▶ **Your goal**:
Once the images are set aside, write out the rest of the records exactly.

■ ■ ■ ■ ■

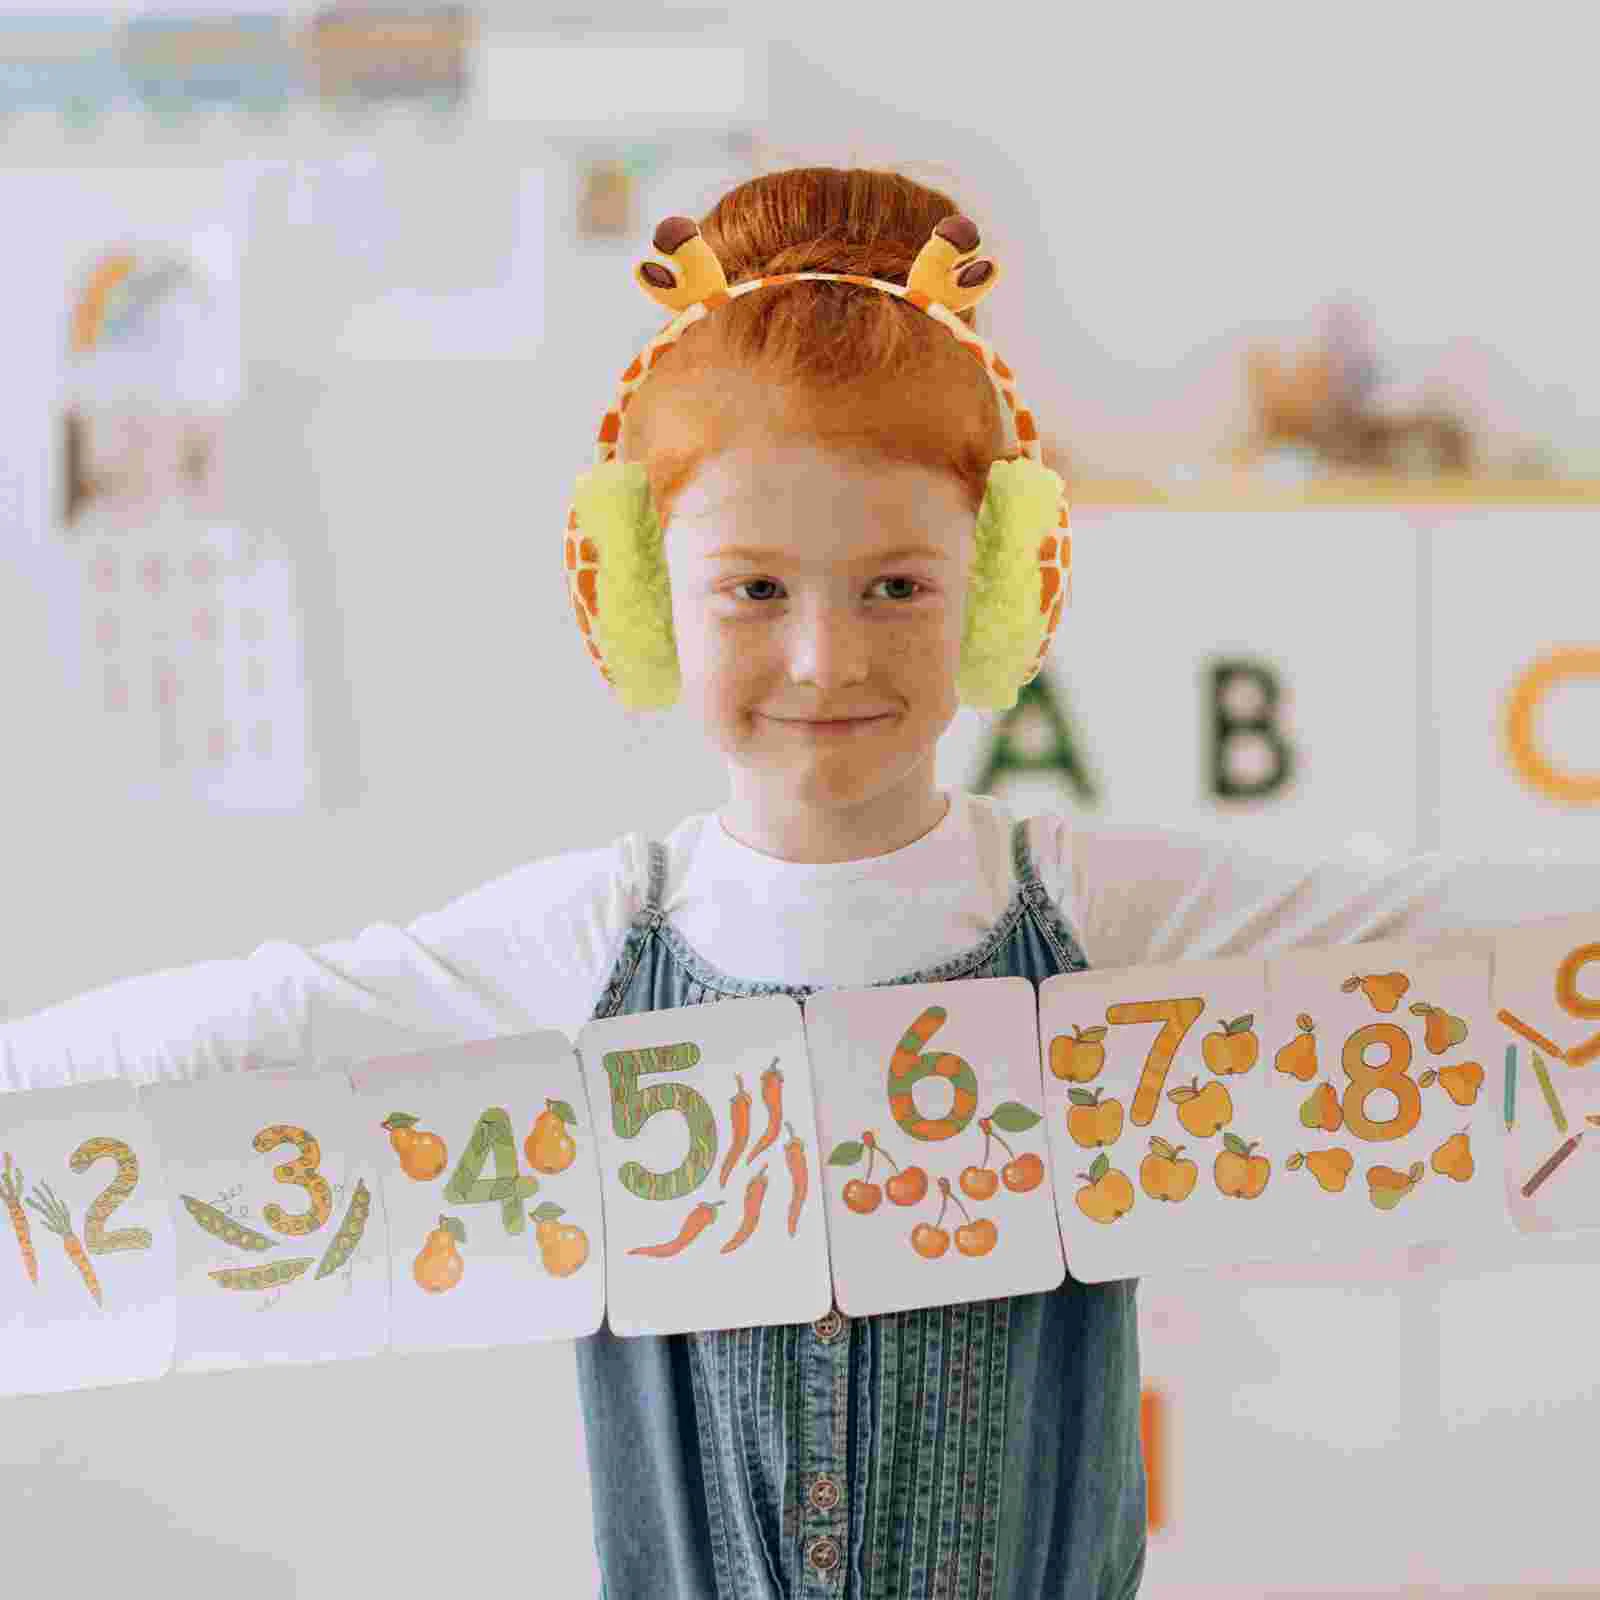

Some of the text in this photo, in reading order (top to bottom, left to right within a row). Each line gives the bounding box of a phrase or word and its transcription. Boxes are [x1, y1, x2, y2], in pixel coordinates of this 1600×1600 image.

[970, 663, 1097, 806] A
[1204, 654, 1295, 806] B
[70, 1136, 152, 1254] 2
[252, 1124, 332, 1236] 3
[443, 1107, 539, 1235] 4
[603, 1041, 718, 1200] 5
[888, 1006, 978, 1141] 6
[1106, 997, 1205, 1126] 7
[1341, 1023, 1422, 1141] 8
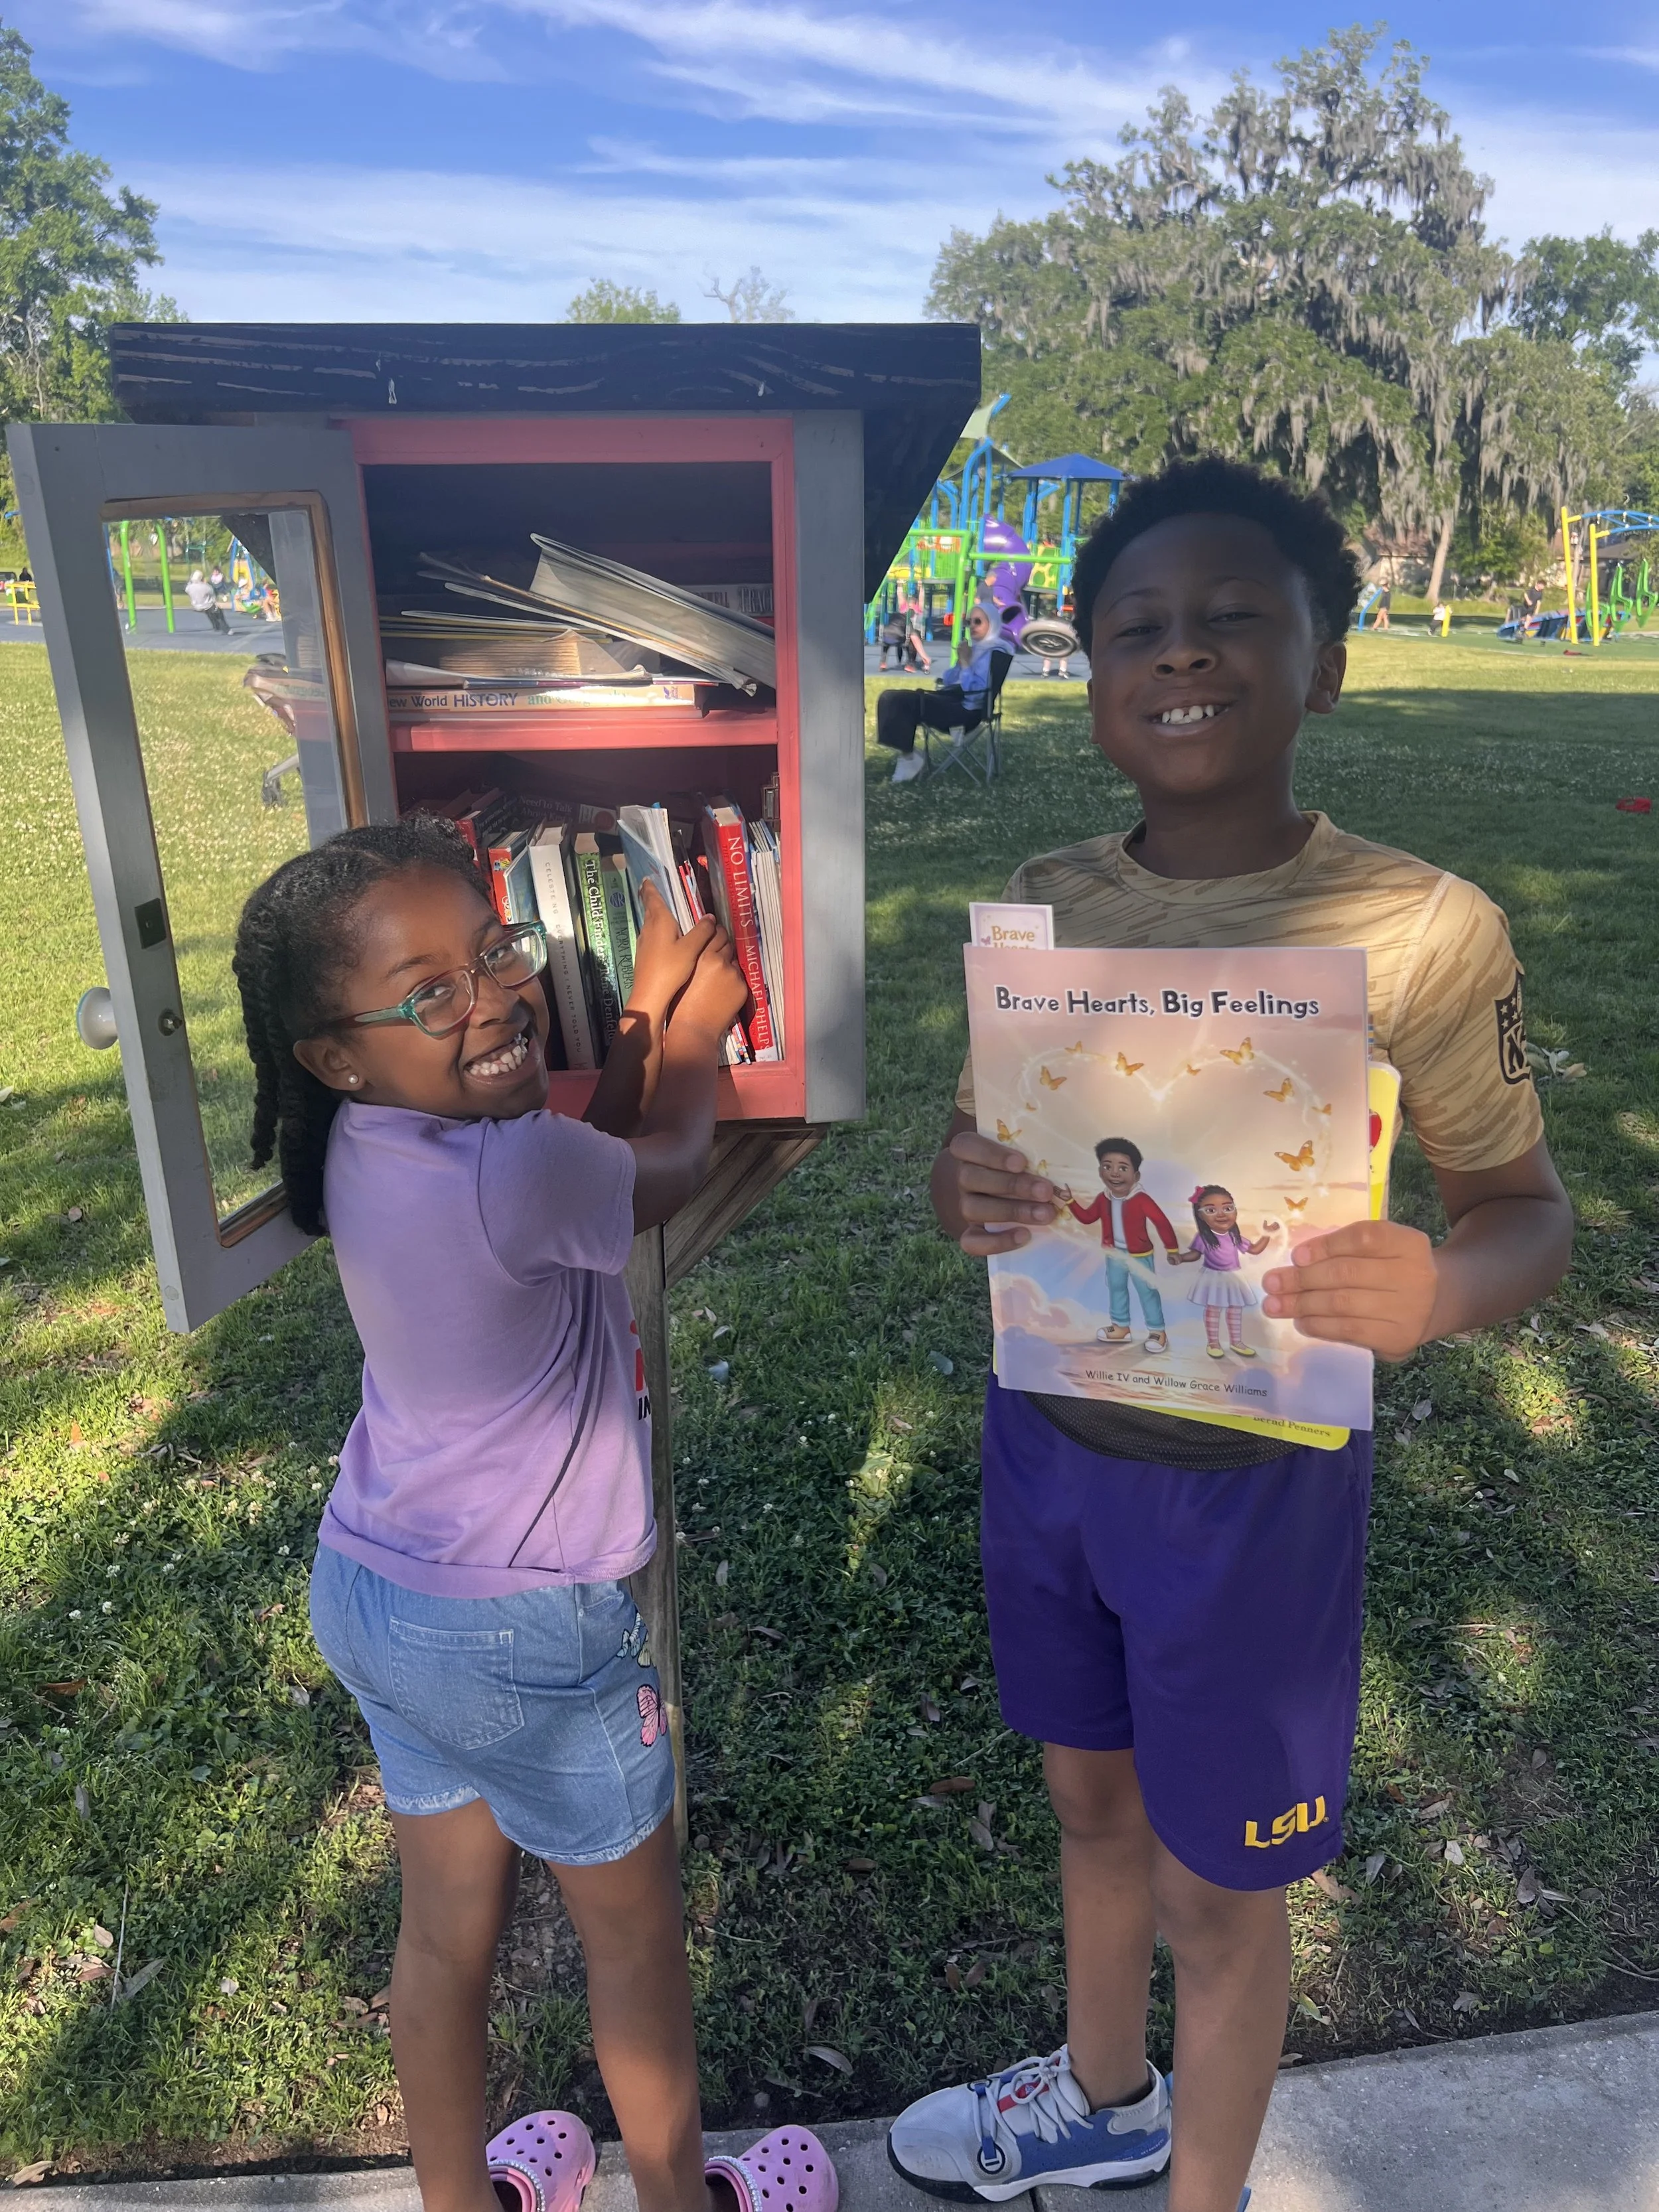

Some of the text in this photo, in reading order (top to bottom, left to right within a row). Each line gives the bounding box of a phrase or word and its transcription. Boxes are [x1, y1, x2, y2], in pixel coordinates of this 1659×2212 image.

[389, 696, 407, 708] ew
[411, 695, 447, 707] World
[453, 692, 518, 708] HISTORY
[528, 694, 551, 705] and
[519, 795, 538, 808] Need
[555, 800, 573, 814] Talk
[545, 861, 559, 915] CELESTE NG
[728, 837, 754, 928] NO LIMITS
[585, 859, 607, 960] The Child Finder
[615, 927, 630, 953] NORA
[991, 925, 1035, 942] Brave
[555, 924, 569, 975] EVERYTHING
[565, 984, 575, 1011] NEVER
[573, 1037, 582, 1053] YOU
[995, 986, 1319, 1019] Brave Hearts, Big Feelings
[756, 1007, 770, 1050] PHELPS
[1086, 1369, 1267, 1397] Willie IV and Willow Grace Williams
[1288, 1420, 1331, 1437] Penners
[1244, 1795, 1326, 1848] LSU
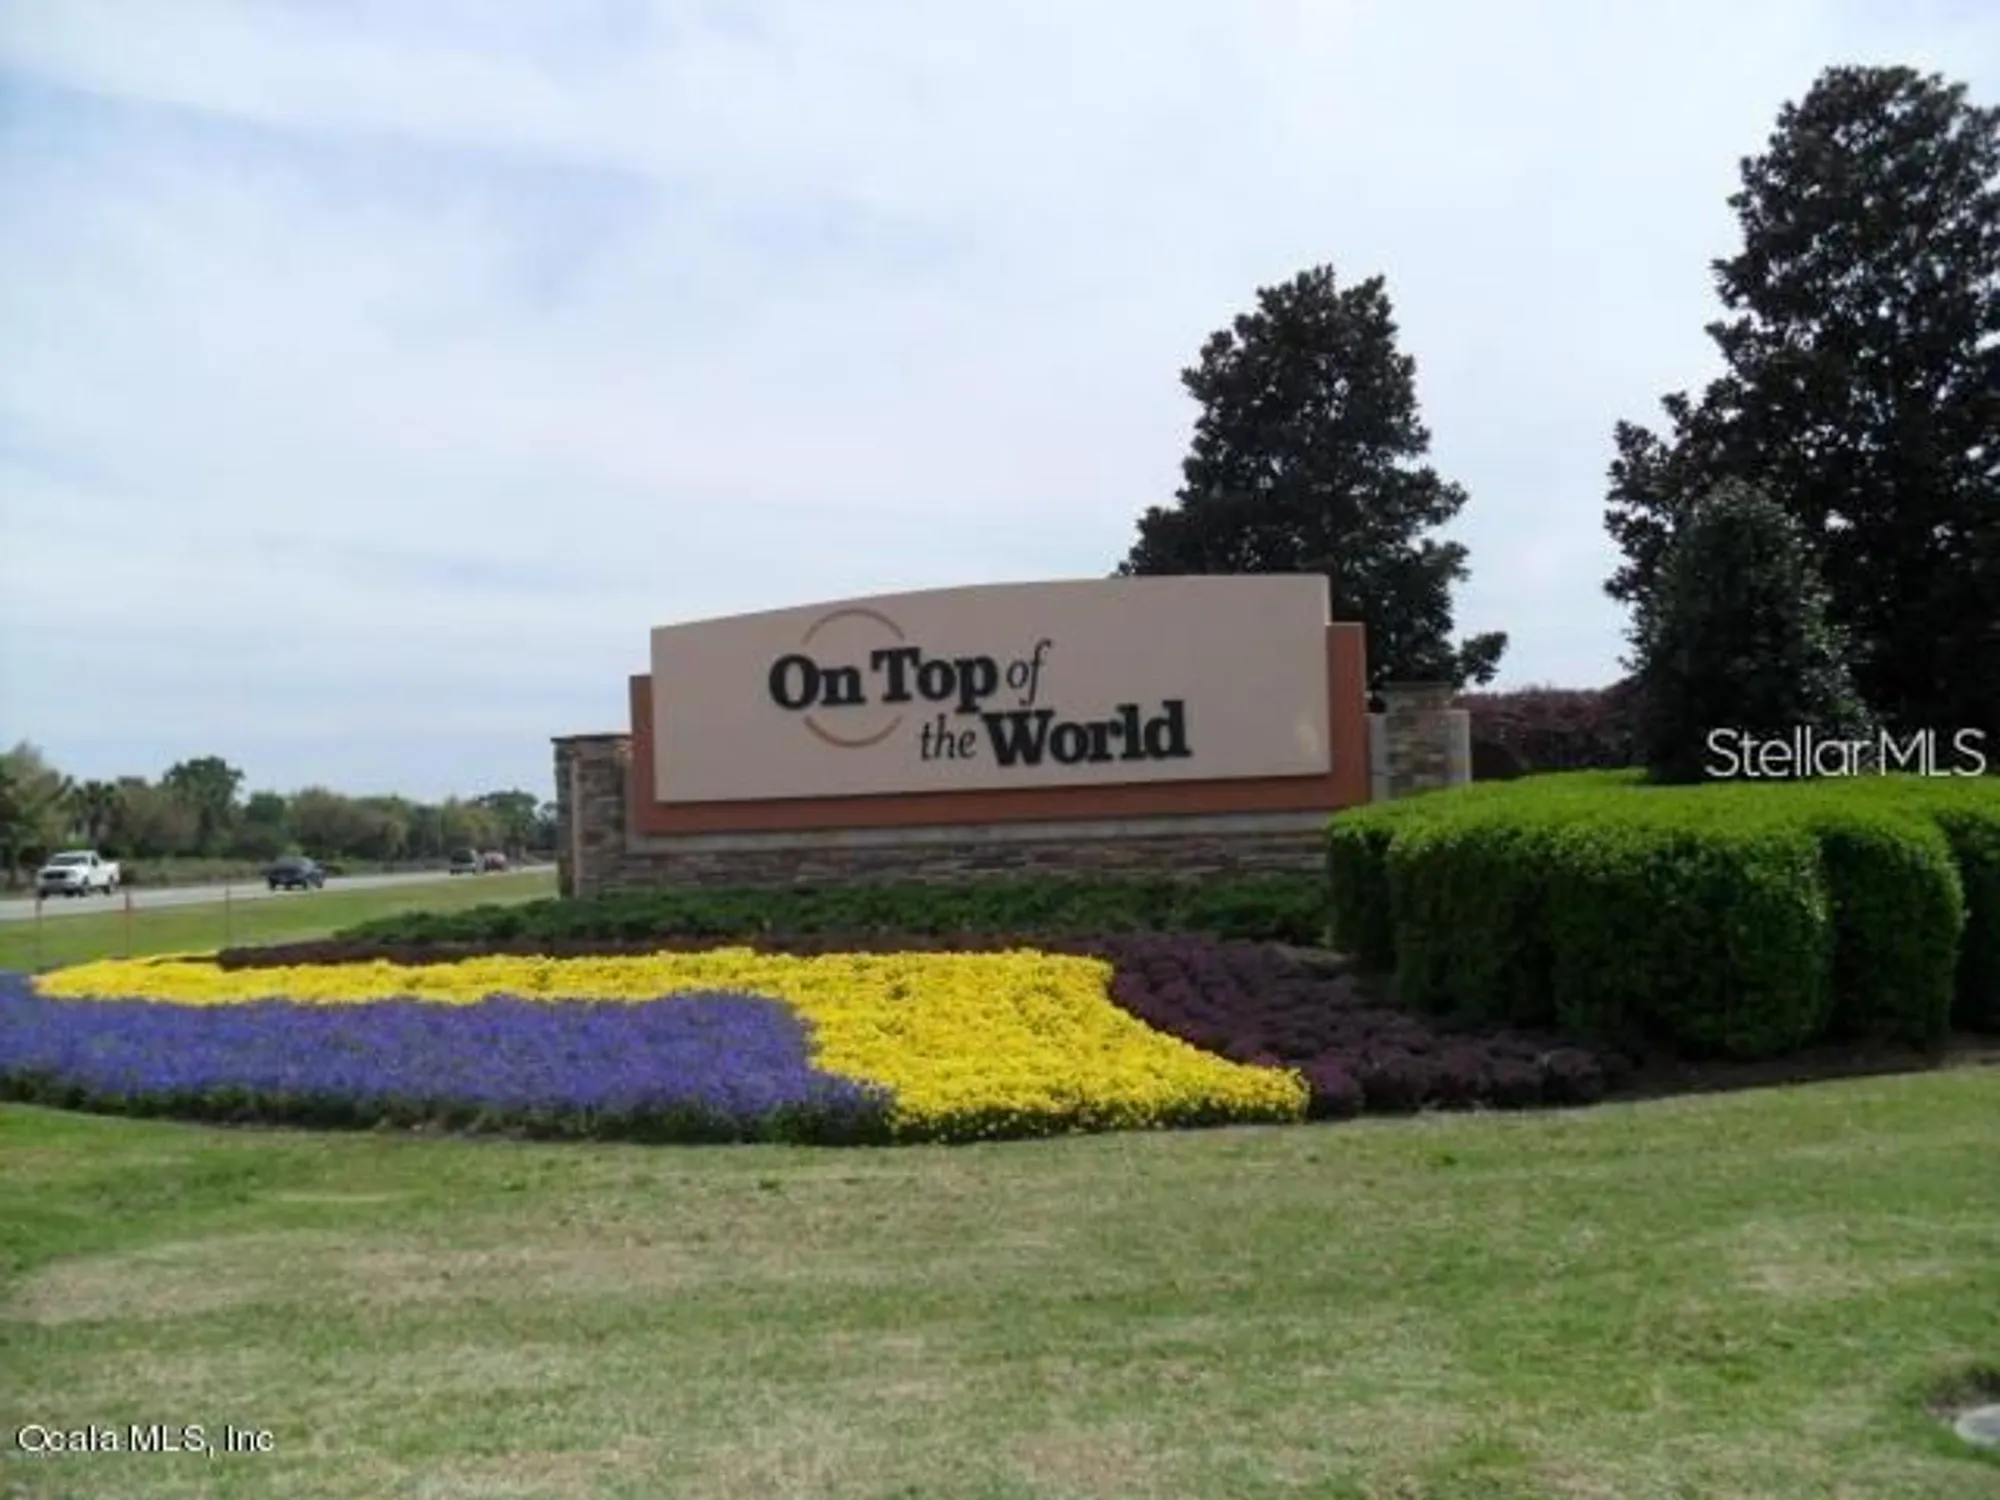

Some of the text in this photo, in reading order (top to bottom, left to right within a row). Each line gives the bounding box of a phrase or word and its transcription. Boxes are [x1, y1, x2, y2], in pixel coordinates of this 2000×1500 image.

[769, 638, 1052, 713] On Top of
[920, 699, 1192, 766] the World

■ ■ ■ ■ ■

▶ **Solution**:
Some of the text in this photo, in reading order (top to bottom, left to right within a row). Each line gives the bounding box of a phrase or word and its transcription. Boxes are [x1, y1, x2, y2], in pixel coordinates of this 1600×1600 image.

[970, 663, 1097, 806] A
[1204, 654, 1295, 806] B
[70, 1136, 152, 1254] 2
[252, 1124, 332, 1236] 3
[443, 1107, 539, 1235] 4
[603, 1041, 718, 1200] 5
[888, 1006, 978, 1141] 6
[1106, 997, 1205, 1126] 7
[1341, 1023, 1422, 1141] 8

Some of the text in this photo, in reading order (top to bottom, left to right within a row). Each line gives the bounding box of a phrase or word and its transcription. Boxes are [x1, y1, x2, y2], in pixel coordinates of this 1659×2212 image.

[389, 696, 407, 708] ew
[411, 695, 447, 707] World
[453, 692, 518, 708] HISTORY
[528, 694, 551, 705] and
[519, 795, 538, 808] Need
[555, 800, 573, 814] Talk
[545, 861, 559, 915] CELESTE NG
[728, 837, 754, 928] NO LIMITS
[585, 859, 607, 960] The Child Finder
[615, 927, 630, 953] NORA
[991, 925, 1035, 942] Brave
[555, 924, 569, 975] EVERYTHING
[565, 984, 575, 1011] NEVER
[573, 1037, 582, 1053] YOU
[995, 986, 1319, 1019] Brave Hearts, Big Feelings
[756, 1007, 770, 1050] PHELPS
[1086, 1369, 1267, 1397] Willie IV and Willow Grace Williams
[1288, 1420, 1331, 1437] Penners
[1244, 1795, 1326, 1848] LSU

Some of the text in this photo, in reading order (top to bottom, left to right within a row). Each line gives the bounding box of a phrase or word and its transcription. Boxes are [x1, y1, x2, y2], in pixel coordinates of this 2000×1500 image.

[769, 638, 1052, 713] On Top of
[920, 699, 1192, 766] the World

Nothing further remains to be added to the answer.